また、短時間で仕事を終わらせられる優秀な社員には昇級や昇進といった形で評価するなど、「リモートワークでは正当な評価が得られない」といった不満の解消に努めましょう。
必要な環境構築をサポートする
テレワークをする社員のなかには勤務環境が整っていない人もいます。また、インターネット回線が通っていても速度が遅かったり、セキュリティ面で不安が生じたりといった場合もあるでしょう。
このような社員に対しては、企業が必要なものをそろえるなど、勤務環境を整えるためのサポートが必要です。具体的には、「パソコンやタブレット端末の貸し出し・インターネット環境の構築・セキュリティソフトの導入・その他資金補助」などです。
全額費用負担が難しい中小企業は、厚生労働省・経済産業省・総務省・各自治体などが実施しているテレワーク助成金制度(テレワーク導入にかかる一部費用を補助する制度)を上手く活用しながら、社員の勤務環境構築をサポートしましょう。
コミュニケーションの機会を作る
コミュニケーション不足による生産性の低下を防ぐために、テレワーク導入後は意識的にコミュニケーションの機会を増やすことが大事です。先述した会議や打ち合わせを実施することのほかにも、チーム単位でのミーティングを活発に行ってもらうよう促しましょう。社員たちに、自主的で気軽な話し合いや情報共有ができる場を準備することが重要です。
また、上司と部下がマンツーマンで話し合いをする機会を定期的につくるのもいいでしょう。部下から不安や不満を聞き出すことでストレスケアにもつながります。
社員同士のコミュニケーションを活性化させるためには、チャット・Web会議・ビデオ通話などさまざまなツールを取り入れるのがおすすめです。次の項目で業務支援に役立つツールについて紹介します。
業務支援に役立つツールを導入する
「社員管理が難しい」「勤務環境が整わない」「コミュニケーションが取りにくい」といったリモートワークの問題を解決するために、ITツールの導入を検討しましょう。リモートワークにおけるITツールには、勤怠管理・Web会議・チャットツールなどがあります。なかでも1つのツールですべての業務が完結できる「Asana(アサナ)」は、リモートワークの強い味方です。Asanaを利用すれば勤怠管理はもちろん、タスク管理機能やカレンダー機能を使って、進歩状況も確認可能です。

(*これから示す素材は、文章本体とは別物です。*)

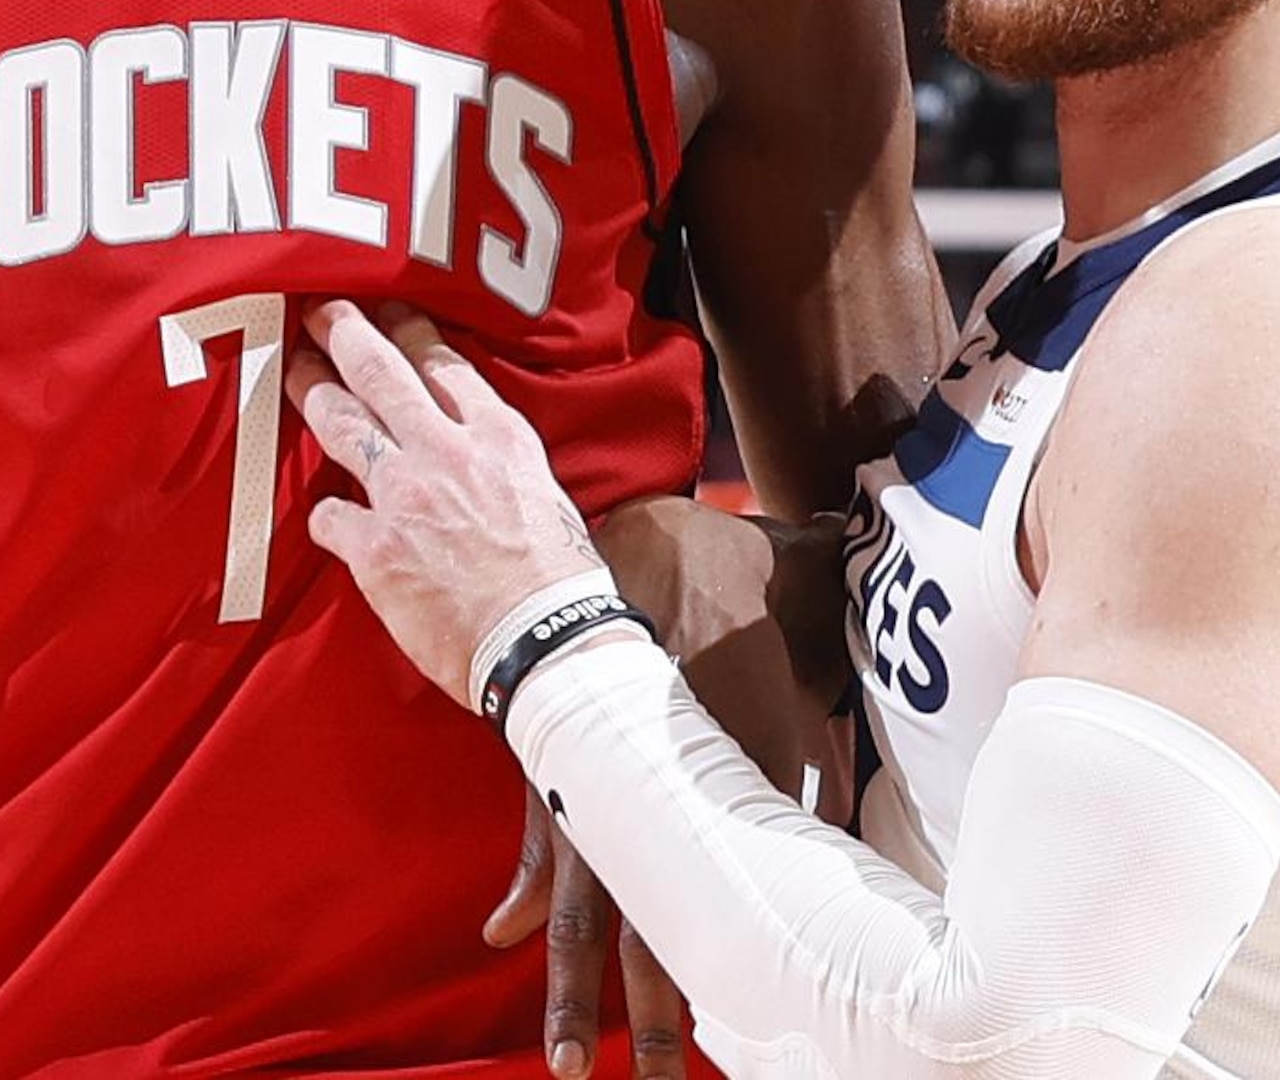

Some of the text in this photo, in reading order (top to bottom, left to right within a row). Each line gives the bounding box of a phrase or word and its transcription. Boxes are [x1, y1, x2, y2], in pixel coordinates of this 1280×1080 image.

[160, 292, 286, 625] 7
[532, 594, 627, 641] Believe
[847, 510, 952, 714] VES
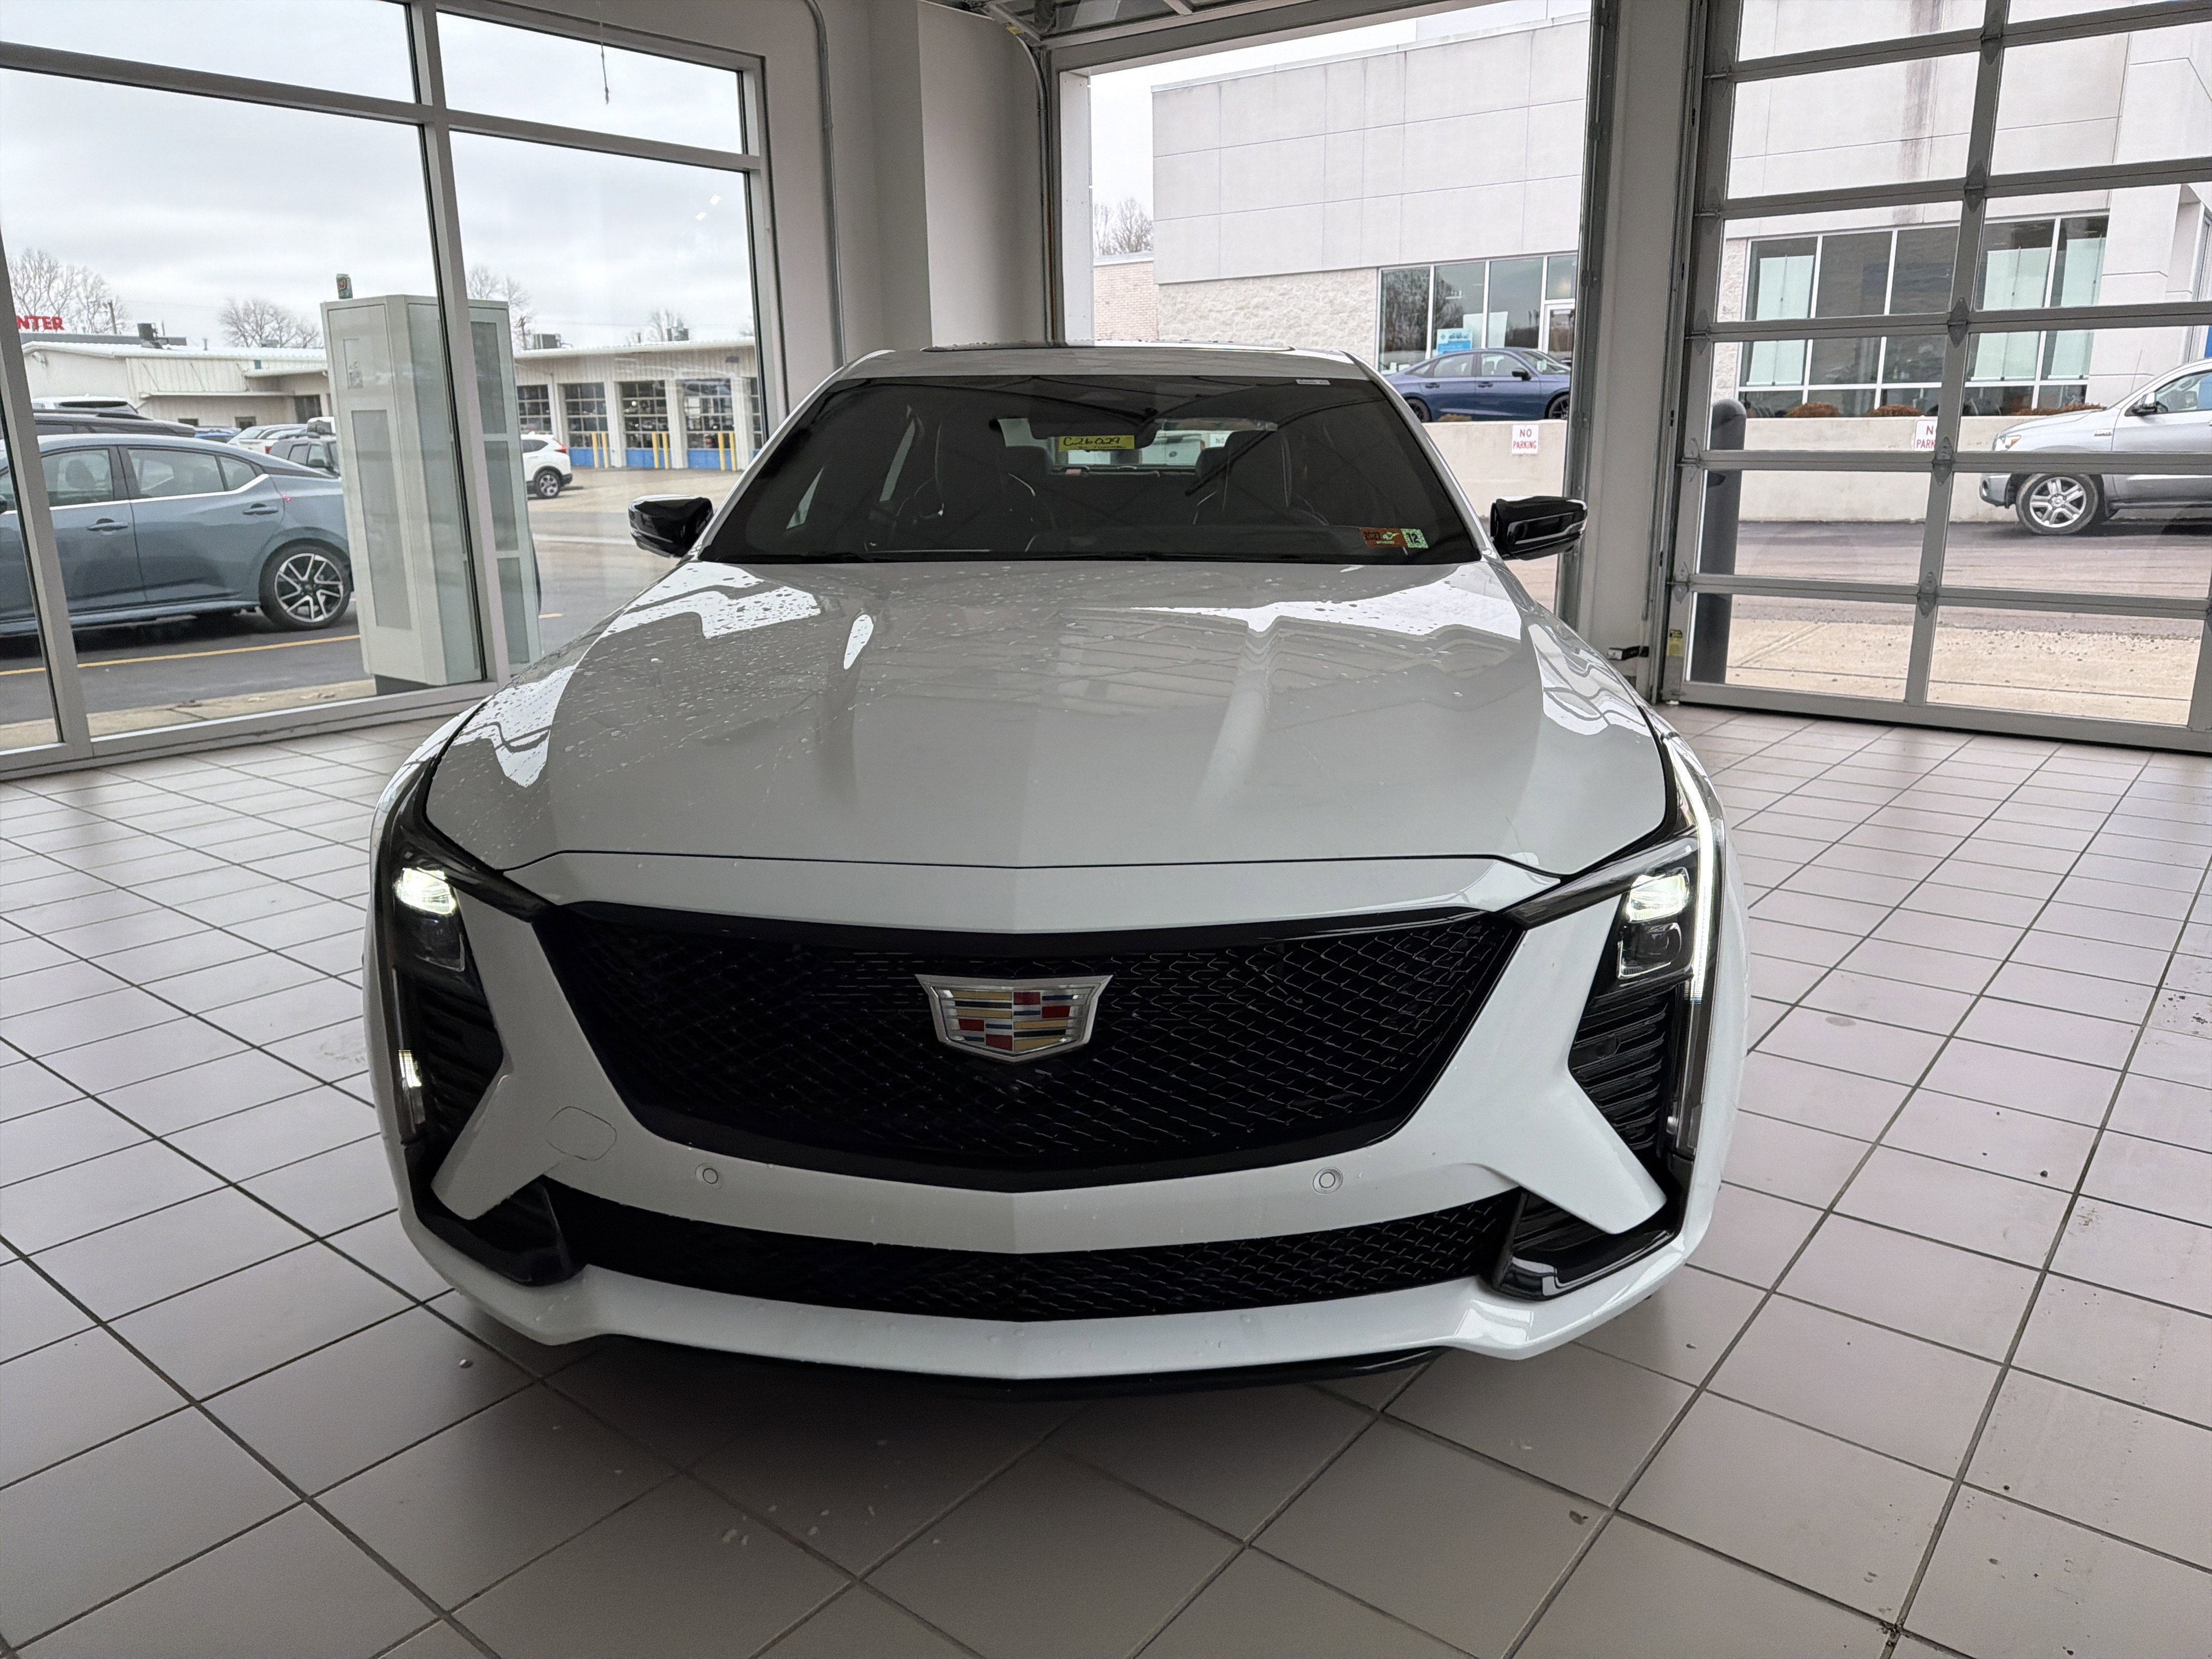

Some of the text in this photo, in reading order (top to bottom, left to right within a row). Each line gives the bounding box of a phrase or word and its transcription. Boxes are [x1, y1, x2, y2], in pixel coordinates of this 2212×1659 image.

[16, 315, 65, 331] NTER
[1520, 428, 1532, 437] NO
[1926, 425, 1934, 435] N
[1513, 441, 1537, 449] PARKING
[1916, 439, 1936, 449] PARK
[1406, 533, 1420, 544] 12

さらにチャット機能によって、社員間に気軽なコミュニケーションも生み出せます。また、コメント機能やリンク機能などを使えば、SNS感覚で簡単にコミュニケーションも取れます。テレワーク導入で最大の問題とも言える「コミュニケーション不足」の解消へ、魅力的な機能で貢献します。
加えてAsanaには、コメントへのメンション機能も備えられており、社内連携面でのサポートをより強化しています。これを活用することで他部署の社員や、ほかのメンバーとも容易に情報を共有できます。
まとめ
社員や企業にとってメリットばかりのように思えるテレワークにも、さまざまなデメリットがあることがわかりました。
デメリットを避けメリットを発揮させるためには、「社員管理体制の見直し」「勤務環境の構築」「コミュニケーションの活性化」の3つをしっかりと実践することが重要です。AsanaのようなITツールを導入すれば、上記3ポイントへもスマートに対応できるでしょう。ぜひ、自社に適合するツールを選んで、テレワークを成功させてください。